WARSAW (Reuters) – Poland should not remain a member of the European Union at all costs, the justice minister said in an interview published on Friday, as he railed against what he called “blackmail” from the bloc over Poland’s judicial reforms.
The comments come as tensions between Warsaw and Brussels are intensifying, with a long-running dispute over the rule of law coming to a head as Poland faces an Aug. 16 deadline to implement an EU top court ruling or potentially face financial penalties.
“I am a staunch opponent of succumbing to the illegal blackmail of the European Union carried out by the Court of Justice of the European Union (CJEU),” Zbigniew Ziobro told Rzeczpospolita daily.
“The belief that the EU is a good uncle and gives us money, and that we should accept all its demands at all costs, is propaganda and false,” he said, adding that Poland should be in the EU, but not at any cost.

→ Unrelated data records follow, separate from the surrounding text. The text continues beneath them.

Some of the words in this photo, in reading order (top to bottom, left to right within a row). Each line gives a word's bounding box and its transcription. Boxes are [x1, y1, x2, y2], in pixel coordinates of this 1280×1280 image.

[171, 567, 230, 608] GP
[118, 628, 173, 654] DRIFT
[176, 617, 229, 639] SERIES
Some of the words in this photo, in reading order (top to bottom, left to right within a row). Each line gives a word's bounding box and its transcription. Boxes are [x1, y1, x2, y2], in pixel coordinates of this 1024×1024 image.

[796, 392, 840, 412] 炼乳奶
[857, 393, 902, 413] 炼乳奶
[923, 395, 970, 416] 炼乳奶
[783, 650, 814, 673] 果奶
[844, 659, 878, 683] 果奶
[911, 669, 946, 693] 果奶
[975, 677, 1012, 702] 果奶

Ziobro, leader of an arch-conservative junior partner in Poland’s ruling coalition, is the architect of the judicial overhaul that has set Poland on a collision course with Brussels, which says Warsaw is undermining the independence of courts in the bloc’s biggest eastern member.
The European Commission has said Poland must implement a CJEU ruling ordering the country to disband a disciplinary chamber for judges critics say has become politicised.

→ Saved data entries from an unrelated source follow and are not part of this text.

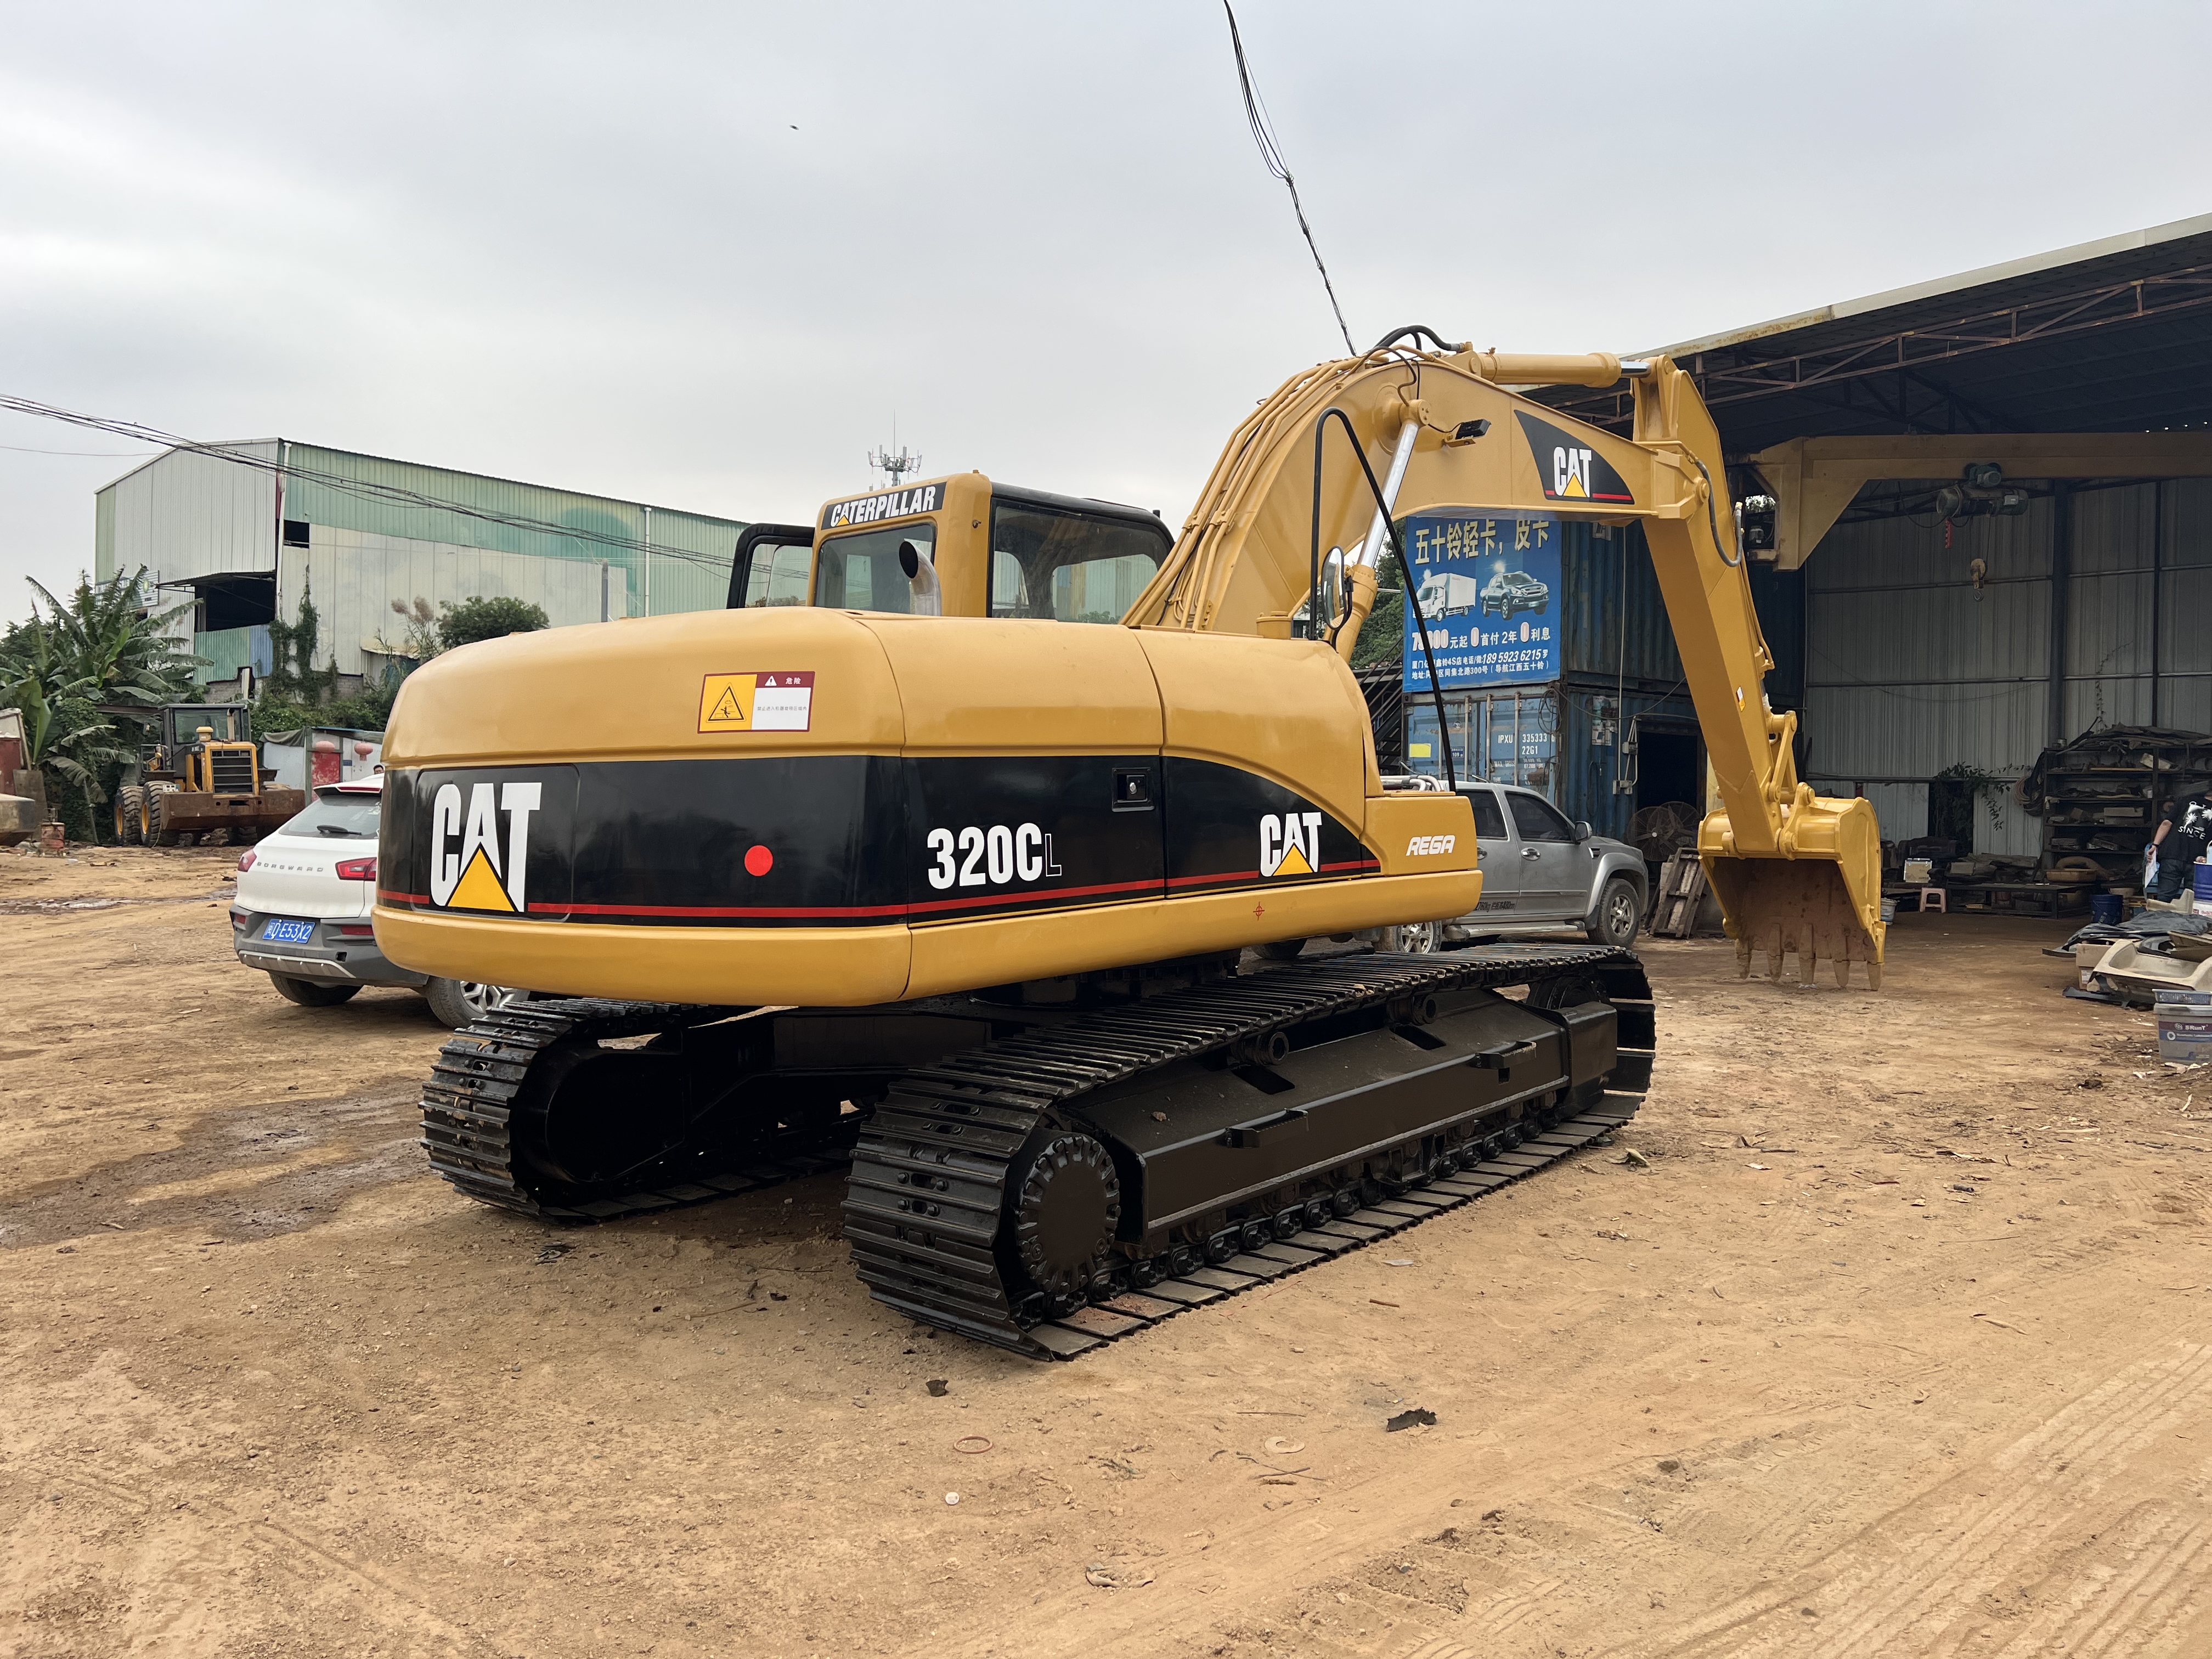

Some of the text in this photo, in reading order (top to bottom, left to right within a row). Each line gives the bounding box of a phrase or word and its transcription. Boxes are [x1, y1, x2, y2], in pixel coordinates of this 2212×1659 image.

[1554, 446, 1592, 498] CAT
[830, 486, 936, 527] CATERPILLAR
[1498, 735, 1513, 743] IPXU
[1522, 733, 1547, 743] 335333
[1522, 746, 1538, 755] 22G1
[2177, 826, 2206, 840] SINCE
[430, 782, 542, 912] CAT
[1260, 812, 1322, 877] CAT
[1406, 834, 1455, 856] REGA
[257, 861, 324, 872] BORGWARD

On Thursday the head of Poland’s Supreme Court partially froze the chamber.
Poland’s ruling United Right coalition is deeply split over how to react to Brussels’ ultimatum.
Its more moderate wing has called for compromise while Ziobro’s United Poland party says the reforms are necessary to stop some judges believing they are above the law.
Asked whether United Poland would remain in the coalition if Poland accepted the CJEU ruling Ziobro said there were “limits to compromise”.
Surveys show an overwhelming majority of Poles favour EU membership. Nevertheless, a recent poll carried out for Rzeczpospolita showed that 17% of Poles favoured leaving the bloc, an increase on previous surveys.